At a nineteenth-century academic conference a few years ago, another female scholar and I spoke with a male scholar about our work. When I mentioned I worked on Jane Austen, the male scholar said, quite disbelievingly, "What does Austen write about other than romance?" The female scholar and I looked at each other in shock and, completely unplanned, both said at the same time, "Well, money." When the male scholar expressed more disbelief, we launched into quite the impassioned tale of the Bennet sisters, close to homelessness, and the Bennet mother, desperate for her daughters. What Austen writes as comedy, we said, was actually a bitter truth for so many women in the nineteenth century. Too middle class to go to work—remember, this is before the Hungry Forties and the great onslaught of Jane Eyres searching for governess positions—the heroines of Austen's novels, excepting Emma, of course, are desperate about money. Anne Elliot, whose blackguard father spends all his family's money on elaborate clothes and lodgings, the Dashwood sisters, reliant on the meager generosity of their step-brother, and Fanny Price, poor cousin, are perhaps less famous than the Bennet sisters, but all experience the same concerns of the nineteenth century: the strictures placed upon women due to class, socioeconomic status, and concerns over modesty.
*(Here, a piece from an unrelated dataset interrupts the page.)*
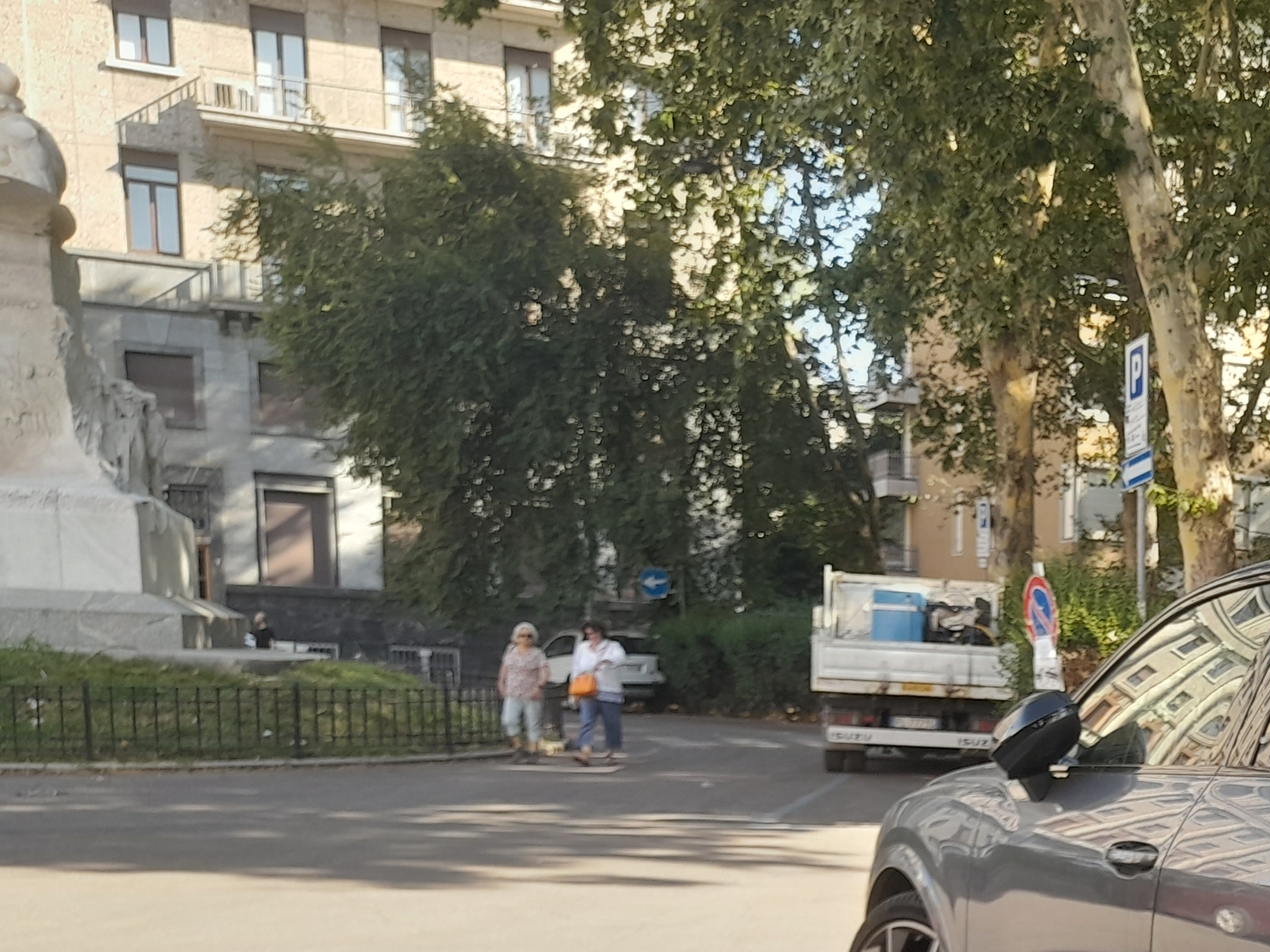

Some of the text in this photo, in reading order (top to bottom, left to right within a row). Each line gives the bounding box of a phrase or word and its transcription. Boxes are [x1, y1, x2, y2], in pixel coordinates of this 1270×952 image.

[1131, 353, 1142, 394] P
[831, 732, 873, 742] ISUZU
[958, 738, 990, 748] ISUZ
Part of Austen's appeal in contemporary culture is that very romance the male scholar scoffed at: these Bennet sisters, for good or ill, exist in a world of seemingly make-believe: balls and dresses, handsome gentlemen in possession of good fortunes who, it must be imagined, are in want of equally handsome wives. The Bennet sisters, particularly Jane and Lizzie, seem to represent what it means to be a Regency woman. Except, of course, they do not, because what is often glossed over in contemporary retellings of Austen is the desperateness of the Bennet mother, with the inheritance of Mr. Collins looming over her. She and her five daughters will be practically [End Page 78] homeless if Mr. Bennet dies and the estate and little amount of wealth turn over to Mr. Collins, the next male to inherit. The sparks that fly between Lizzie and Darcy are not those of attraction—well, not entirely—but those of class; it is a truth not-so-universally acknowledged in twenty-first-century retellings of Austen that a handsome gentleman of good fortune is certainly not in want of a wife of Lizzie's class. Lower middle-class, living a provincial life that does no one any good, over-educated for their station and age but without the accomplishments of the Bingley sisters, Lizzie and Jane technically have very little chance of good marriages. The fairy tale of Austen is that good triumphs over class in the end, but we all know, especially in light of the reality of the Regency era, that it is just a fairy tale.

What is also often left forgotten are the concerns Pride and Prejudice raises over the titular pride, and prejudice, as well as gossip and social ranking. These aspects of social culture, however, transfer so easily to the twenty-first century, and through these aspects, I argue, we can understand contemporary teenagers as part of an Austenian youth culture. Claire LaZebnik's Young Adult (YA) novel Epic Fail presents an Austenian youth culture caught up in misunderstandings of fame. Like its nineteenth-century inspiration, Epic Fail responds to social anxieties regarding over-exposure of youth, and the dangers in the novel are the dark side of fame. The confusion over Darcy's character, the publicizing of Lydia's antics with Wickham, and the scandal of Georgiana are written as twenty-first-century concerns about youth culture's notoriety and their right to privacy in the contemporary age. Complicating these themes of teenagers' fame and notoriety is the metatextual fame of Austen's own novels, which have been lovingly incorporated into—and rewritten as—YA texts by many writers. Given the recent popularity of rewriting Austen, Epic Fail's concerns about over-exposure and the influence of fame are representative of...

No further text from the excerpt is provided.